* [EXERCISE AIM]: Your copy must hold every line of the records word for word. It must hold no pictures.

* [TASK INPUT]:
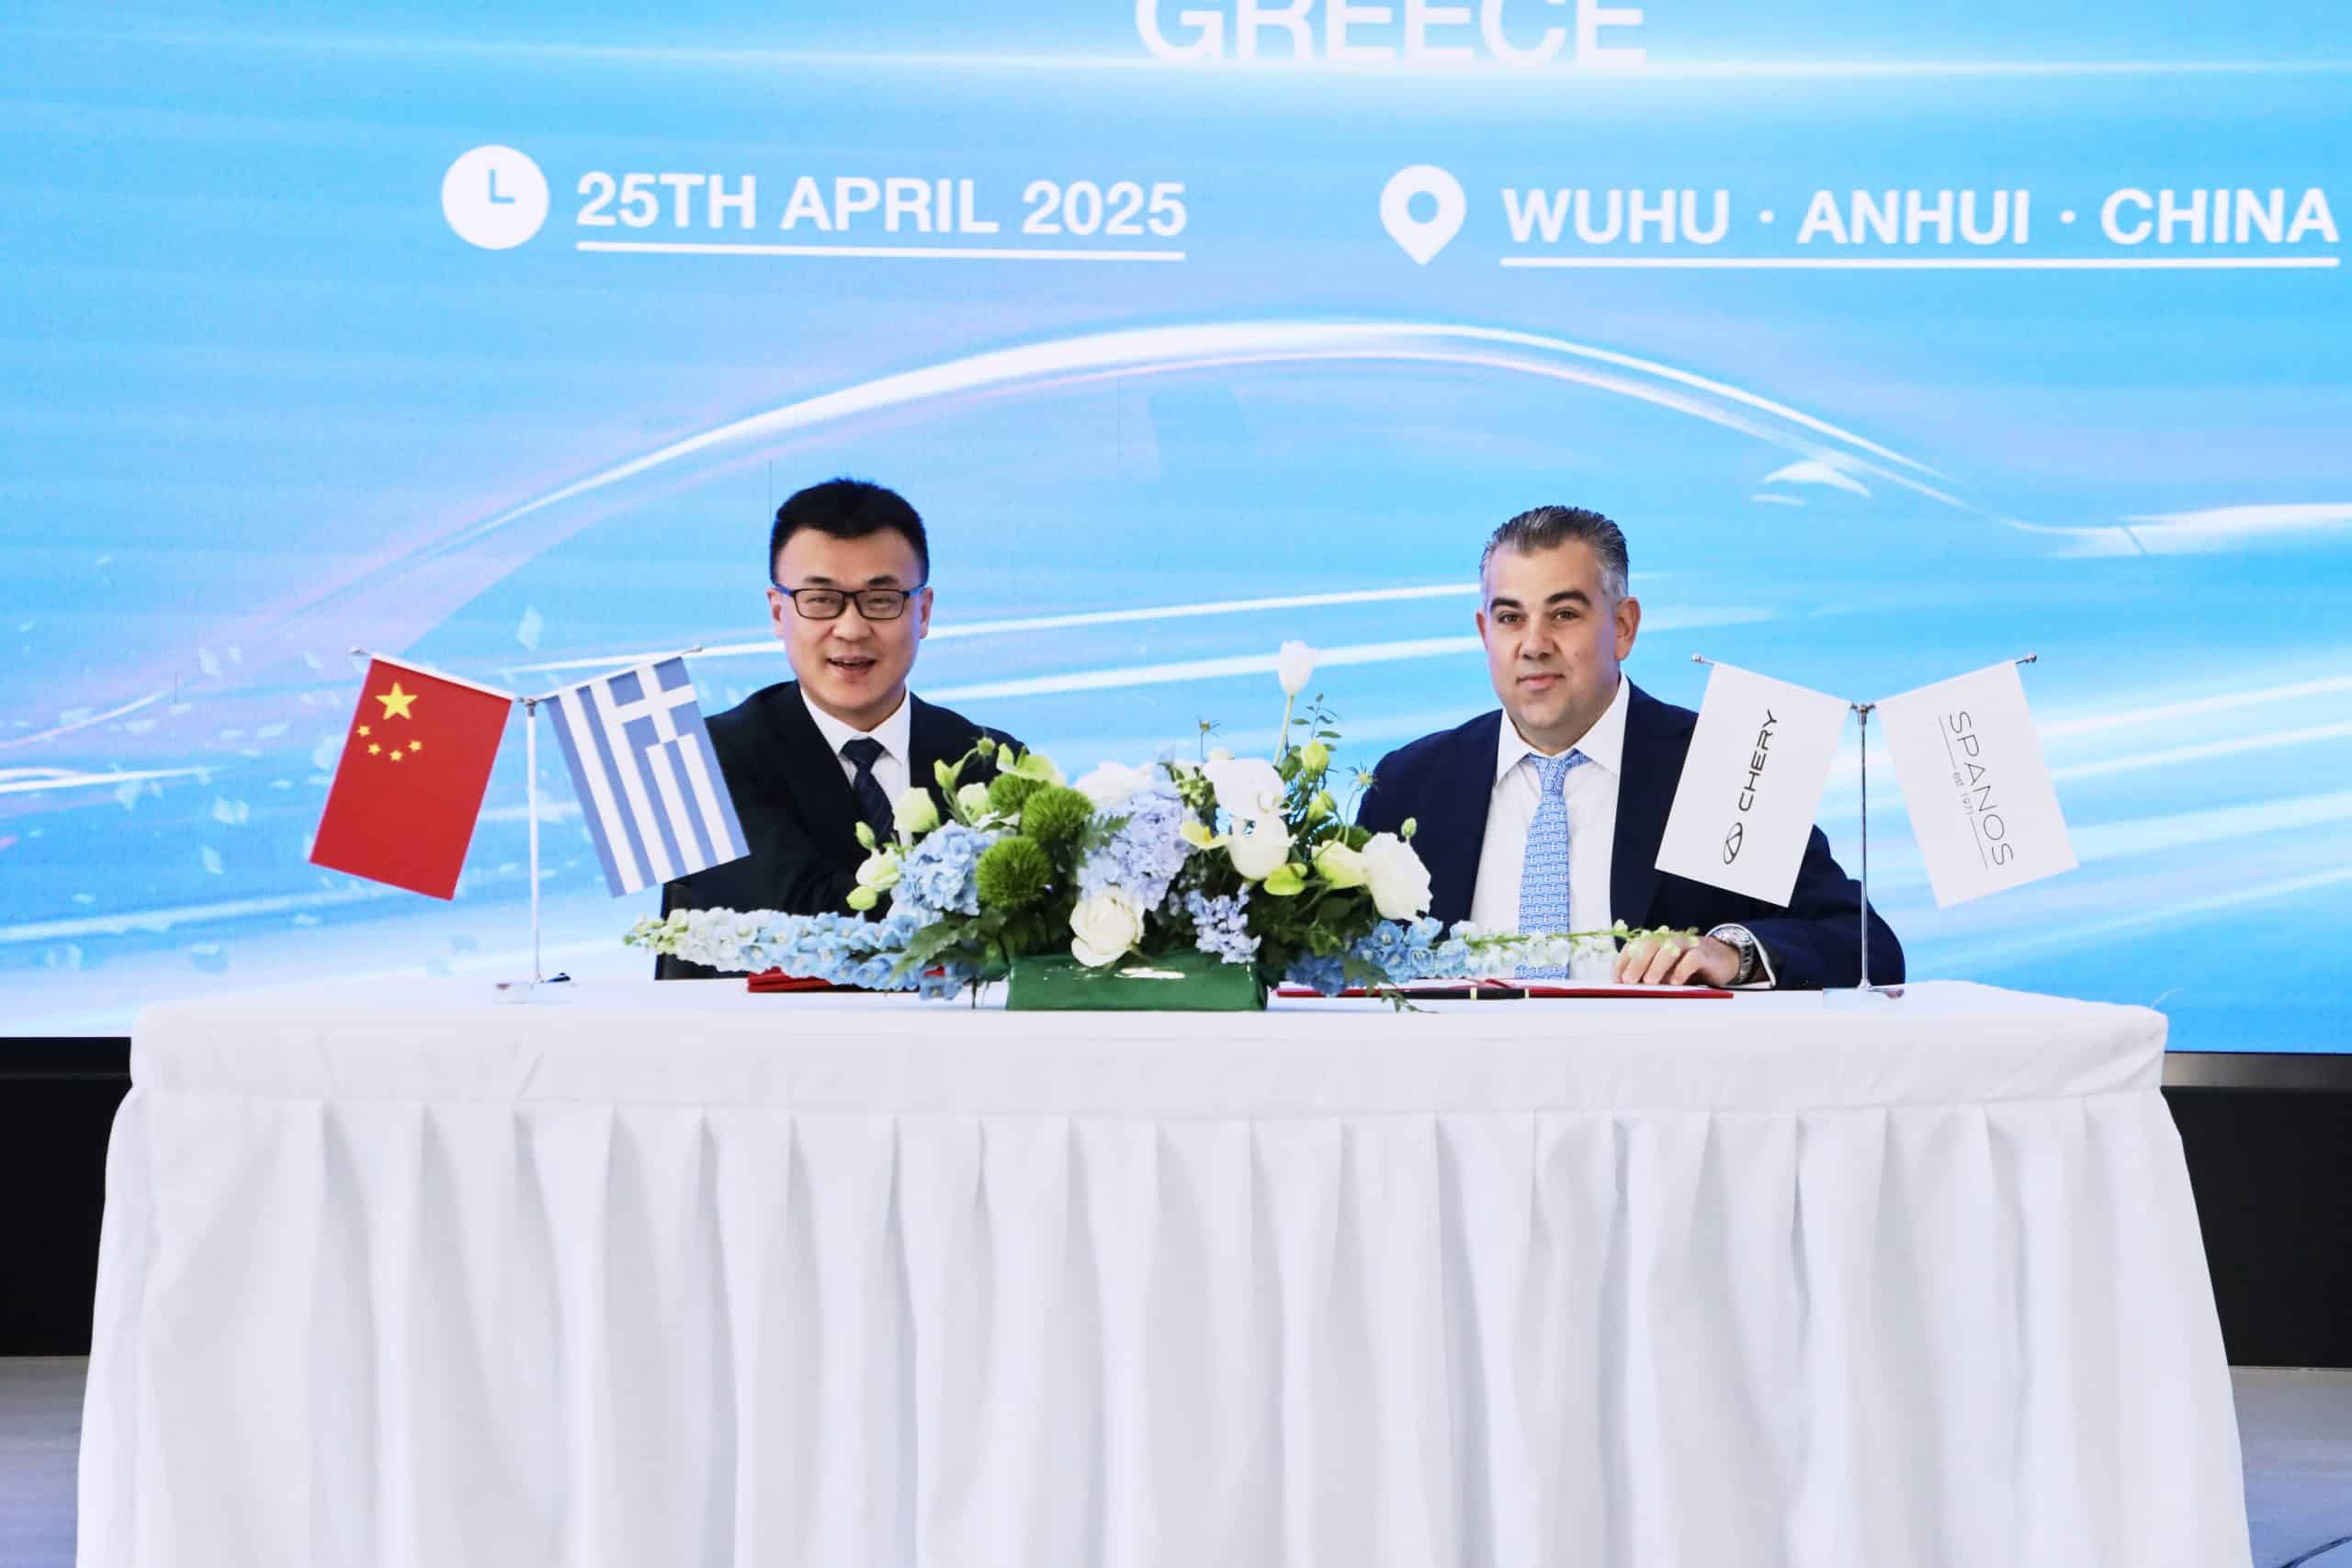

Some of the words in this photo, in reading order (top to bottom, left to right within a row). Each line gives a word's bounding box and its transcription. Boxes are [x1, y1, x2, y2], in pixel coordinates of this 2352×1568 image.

[1135, 0, 1647, 66] GREECE
[576, 171, 756, 230] 25TH
[780, 176, 999, 233] APRIL
[1022, 181, 1187, 237] 2025
[1502, 188, 1729, 244] WUHU
[1797, 189, 2029, 244] ANHUI
[2100, 187, 2340, 244] CHINA
[1738, 708, 1778, 812] CHERY
[1949, 710, 2014, 866] SPANOS

* [EXERCISE ANSWER]:
Some of the words in this photo, in reading order (top to bottom, left to right within a row). Each line gives a word's bounding box and its transcription. Boxes are [x1, y1, x2, y2], in pixel coordinates of this 2352×1568 image.

[1135, 0, 1647, 66] GREECE
[576, 171, 756, 230] 25TH
[780, 176, 999, 233] APRIL
[1022, 181, 1187, 237] 2025
[1502, 188, 1729, 244] WUHU
[1797, 189, 2029, 244] ANHUI
[2100, 187, 2340, 244] CHINA
[1738, 708, 1778, 812] CHERY
[1949, 710, 2014, 866] SPANOS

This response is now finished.